* _WHAT THE TASK ASKS_: A faithful transcript of all the lines below, with no pictures, is the goal here.
(Beginning of RECORDS SHOWN)
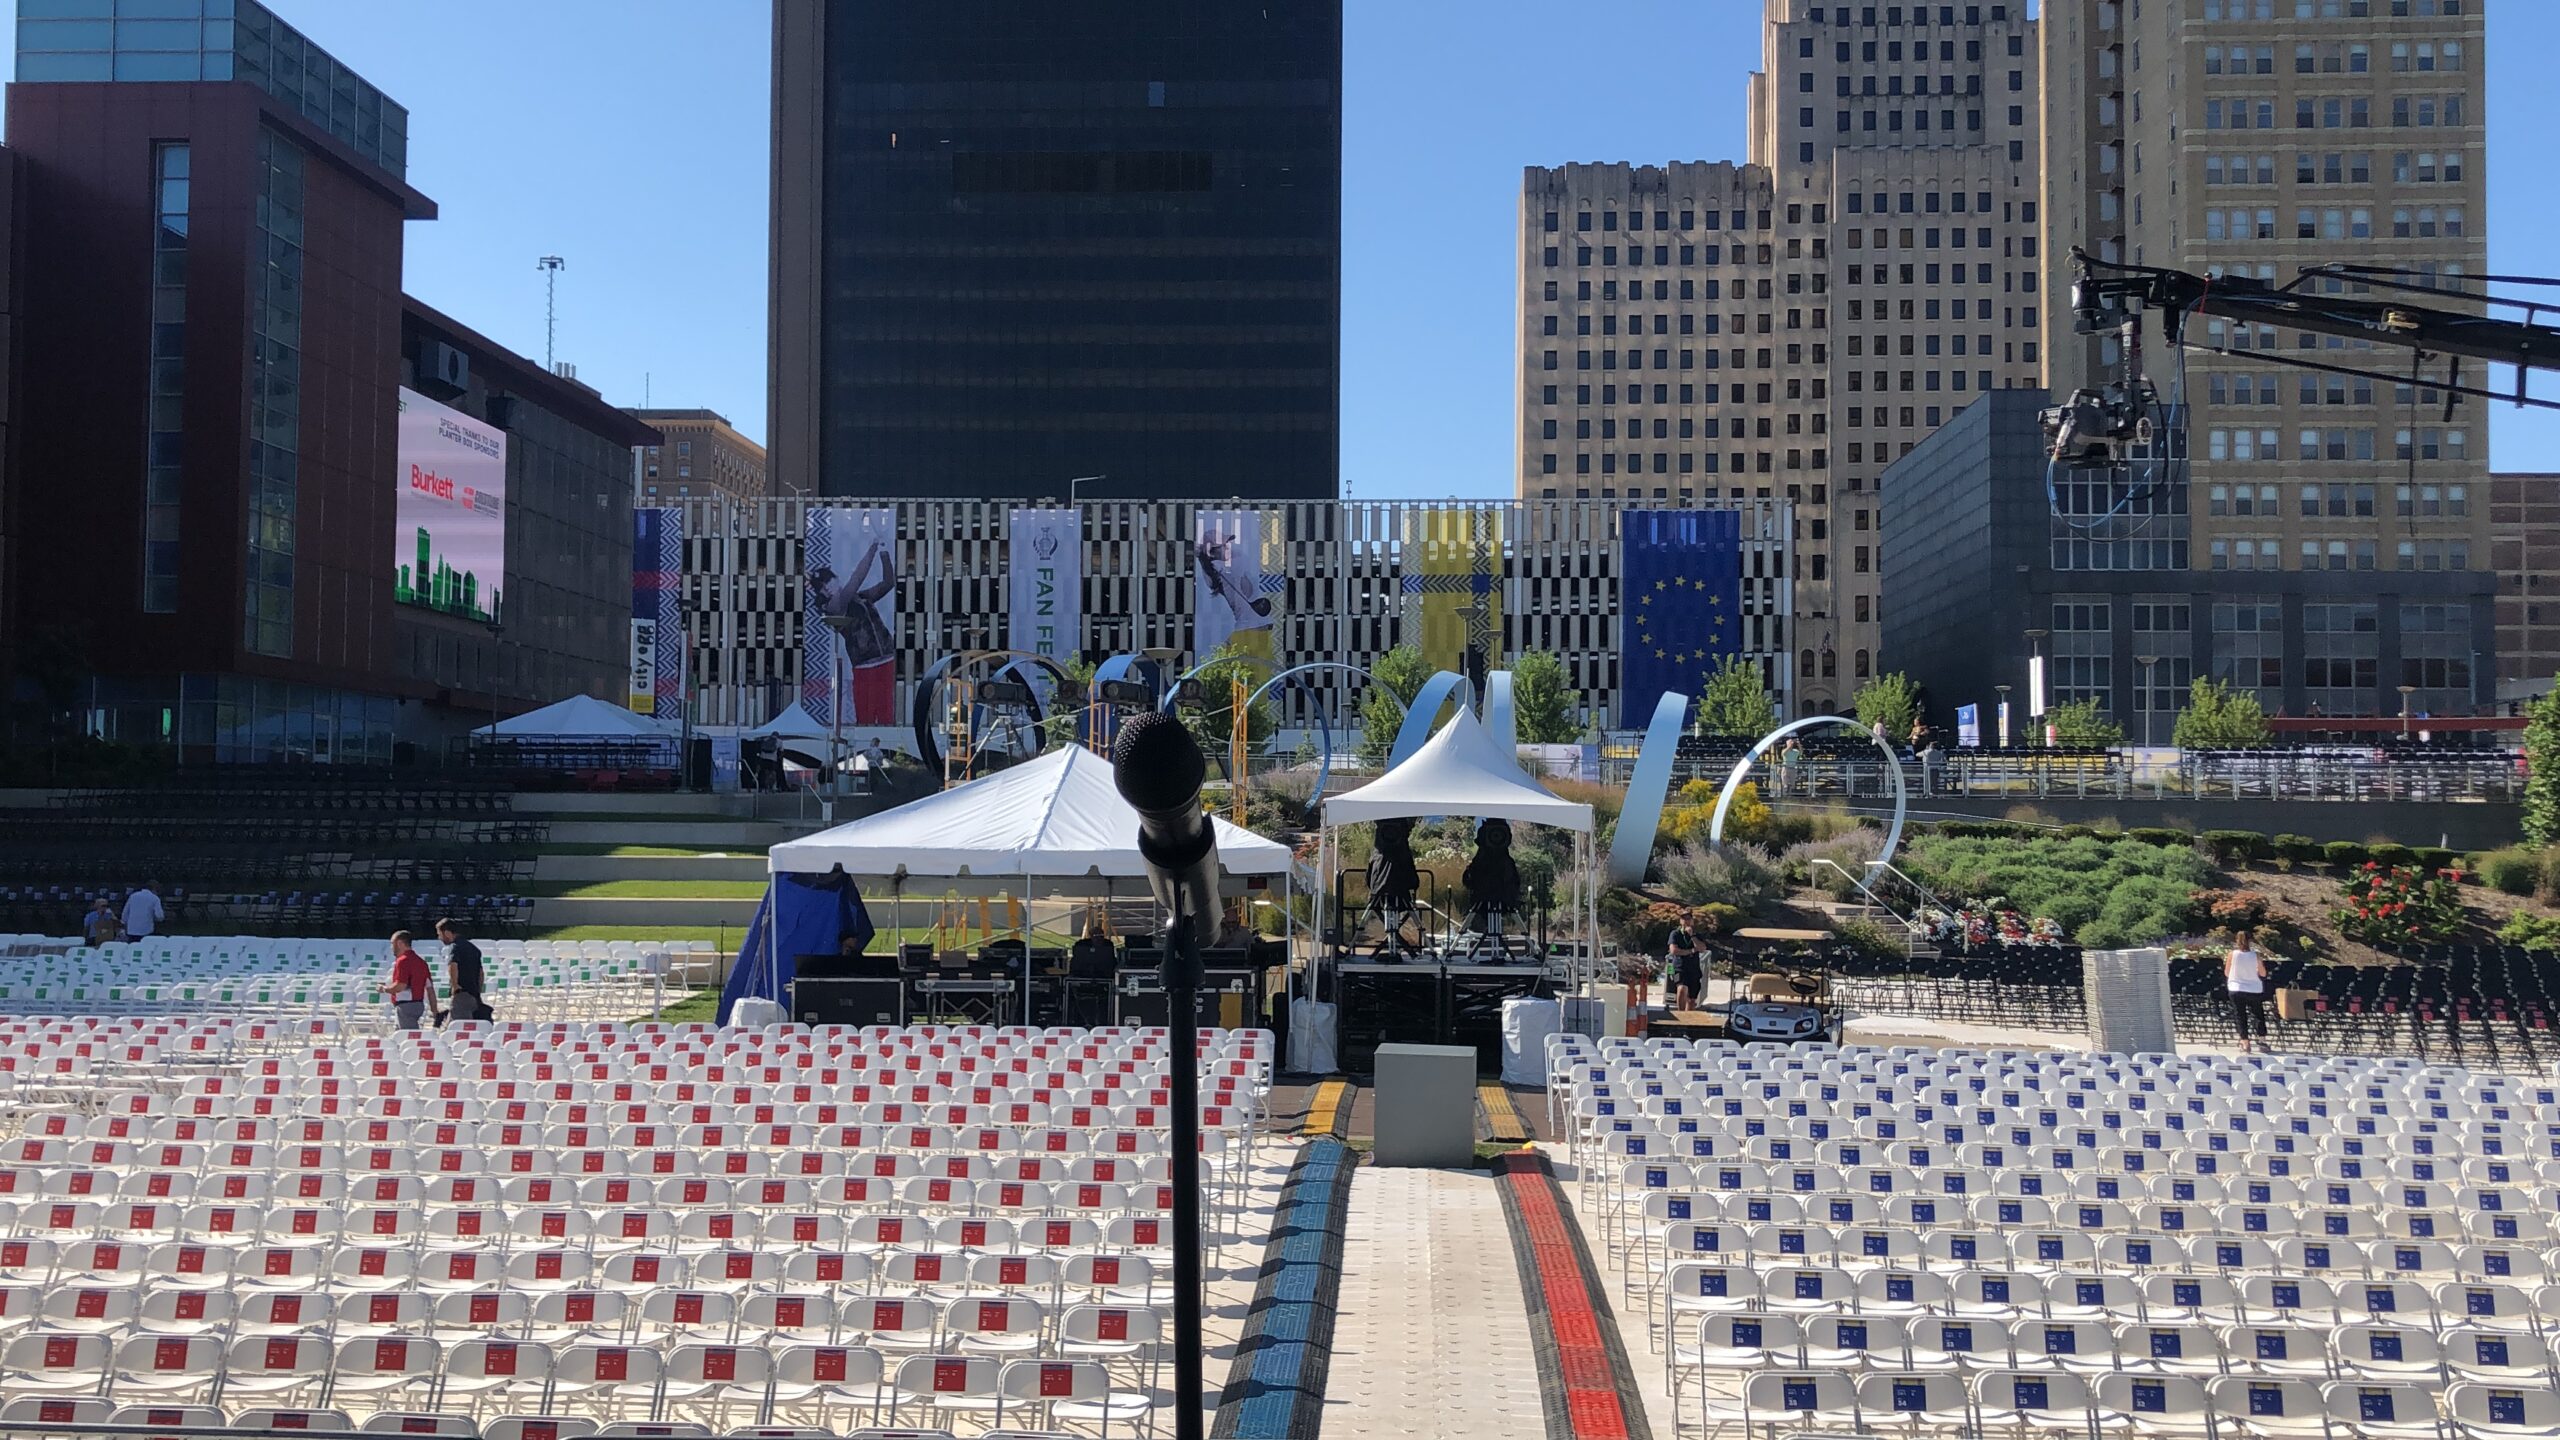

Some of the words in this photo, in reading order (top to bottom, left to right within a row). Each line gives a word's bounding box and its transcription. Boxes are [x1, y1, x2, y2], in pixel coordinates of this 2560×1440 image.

[439, 427, 462, 443] PLANTER
[463, 437, 473, 448] BOX
[474, 441, 499, 459] SPONSORS
[440, 418, 461, 434] SPECIAL
[462, 427, 481, 442] THANKS
[482, 435, 489, 445] TO
[490, 439, 500, 450] OUR
[411, 464, 454, 500] Burkett
[1036, 568, 1054, 616] FAN
[637, 625, 655, 655] egg
[634, 657, 654, 689] city
(End of RECORDS SHOWN)
* _ANSWER SECTION_:
Some of the words in this photo, in reading order (top to bottom, left to right within a row). Each line gives a word's bounding box and its transcription. Boxes are [x1, y1, x2, y2], in pixel coordinates of this 2560×1440 image.

[439, 427, 462, 443] PLANTER
[463, 437, 473, 448] BOX
[474, 441, 499, 459] SPONSORS
[440, 418, 461, 434] SPECIAL
[462, 427, 481, 442] THANKS
[482, 435, 489, 445] TO
[490, 439, 500, 450] OUR
[411, 464, 454, 500] Burkett
[1036, 568, 1054, 616] FAN
[637, 625, 655, 655] egg
[634, 657, 654, 689] city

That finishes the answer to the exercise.